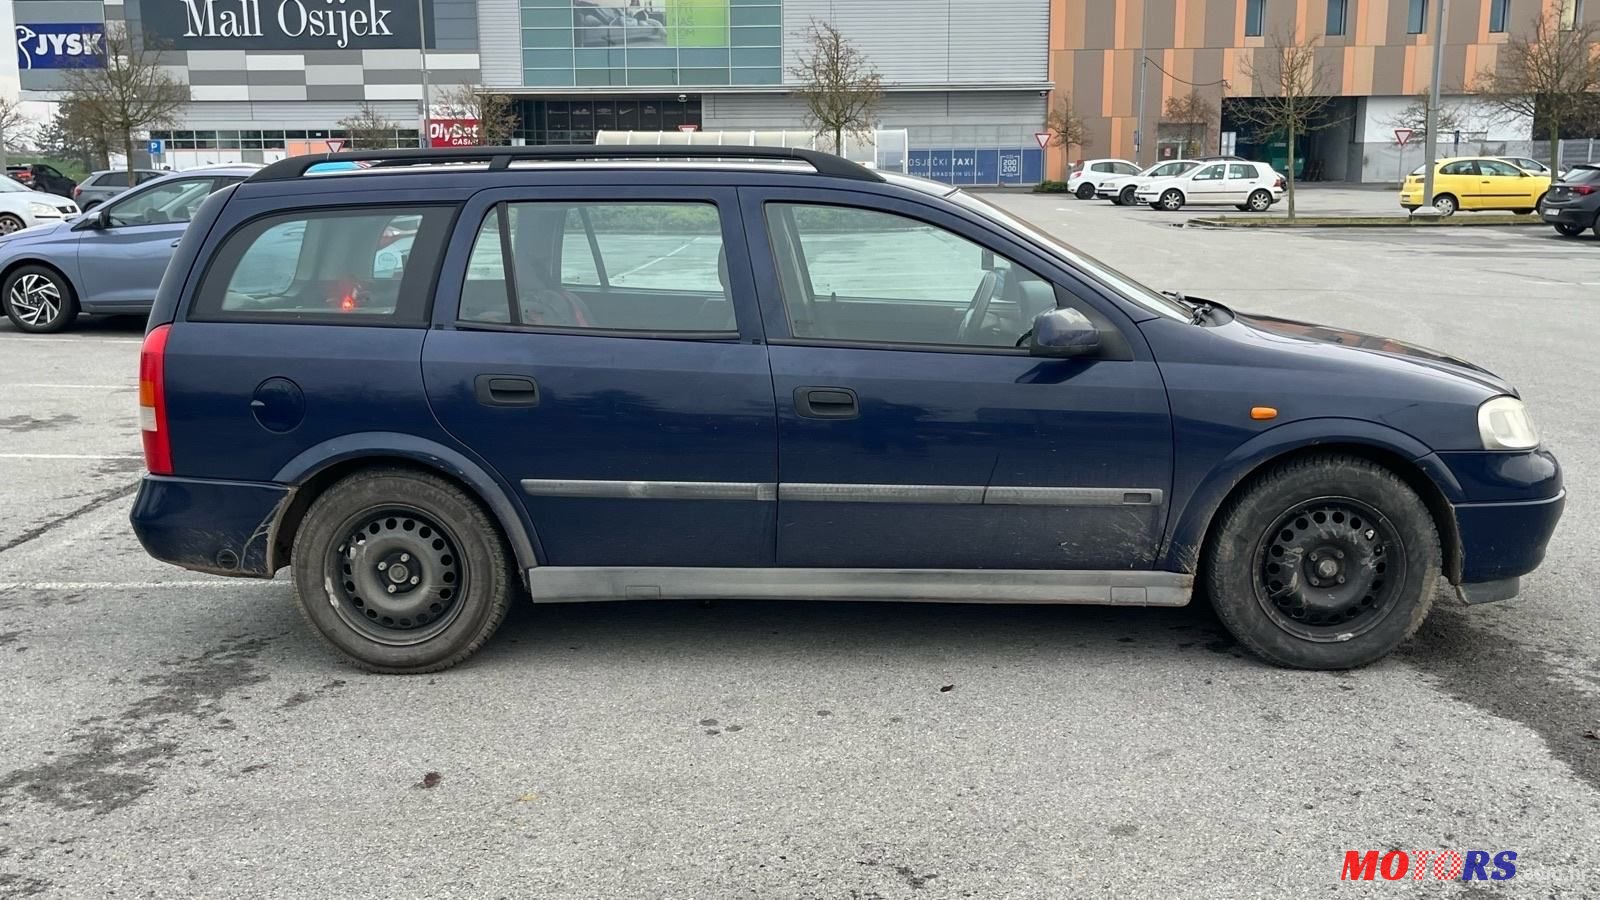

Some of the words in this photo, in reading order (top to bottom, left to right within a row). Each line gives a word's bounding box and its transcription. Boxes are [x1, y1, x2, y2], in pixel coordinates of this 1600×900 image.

[183, 0, 264, 37] Mall
[277, 0, 393, 48] Osijek
[35, 33, 103, 56] JYSK
[452, 138, 479, 146] CASI
[952, 157, 974, 166] TAXI
[1003, 165, 1017, 173] 200
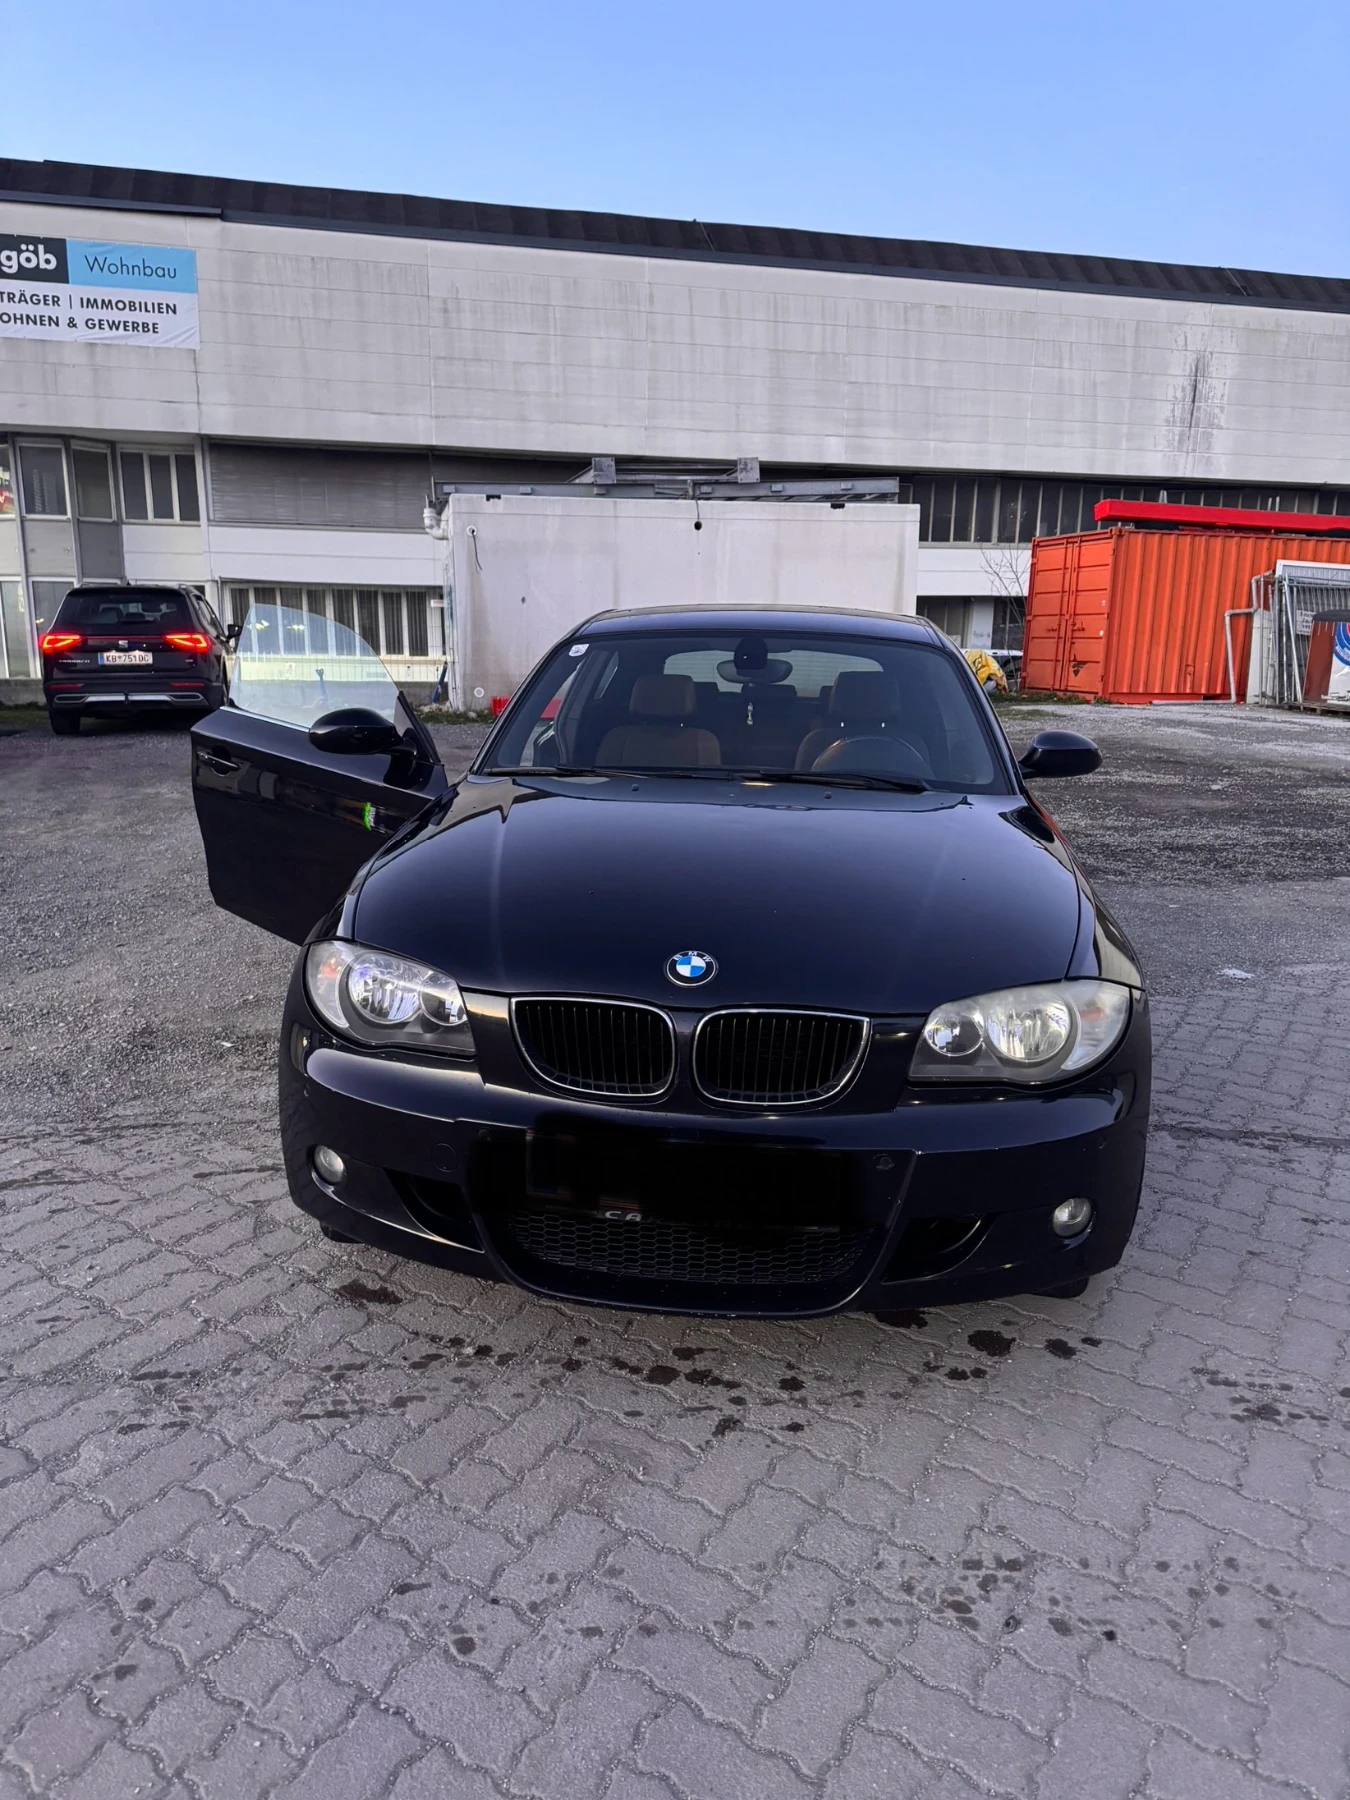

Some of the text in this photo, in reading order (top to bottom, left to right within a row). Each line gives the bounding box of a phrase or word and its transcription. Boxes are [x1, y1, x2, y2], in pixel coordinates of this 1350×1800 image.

[0, 243, 57, 274] göb
[84, 255, 177, 279] Wohnbau
[0, 289, 61, 307] TRÄGER
[80, 296, 177, 315] IMMOBILIEN
[0, 312, 159, 334] OHNEN & GEWERBE

EXERCISE ▸
Each entry above must be printed exactly, apart from its pictures.

SOLUTION BELOW ▸
Some of the words in this photo, in reading order (top to bottom, left to right within a row). Each line gives a word's bounding box and its transcription. Boxes are [x1, y1, x2, y2], in pixel coordinates of this 1600×900 image.

[183, 0, 264, 37] Mall
[277, 0, 393, 48] Osijek
[35, 33, 103, 56] JYSK
[452, 138, 479, 146] CASI
[952, 157, 974, 166] TAXI
[1003, 165, 1017, 173] 200

Some of the text in this photo, in reading order (top to bottom, left to right within a row). Each line gives the bounding box of a phrase or word and its transcription. Boxes are [x1, y1, x2, y2], in pixel coordinates of this 1350×1800 image.

[0, 243, 57, 274] göb
[84, 255, 177, 279] Wohnbau
[0, 289, 61, 307] TRÄGER
[80, 296, 177, 315] IMMOBILIEN
[0, 312, 159, 334] OHNEN & GEWERBE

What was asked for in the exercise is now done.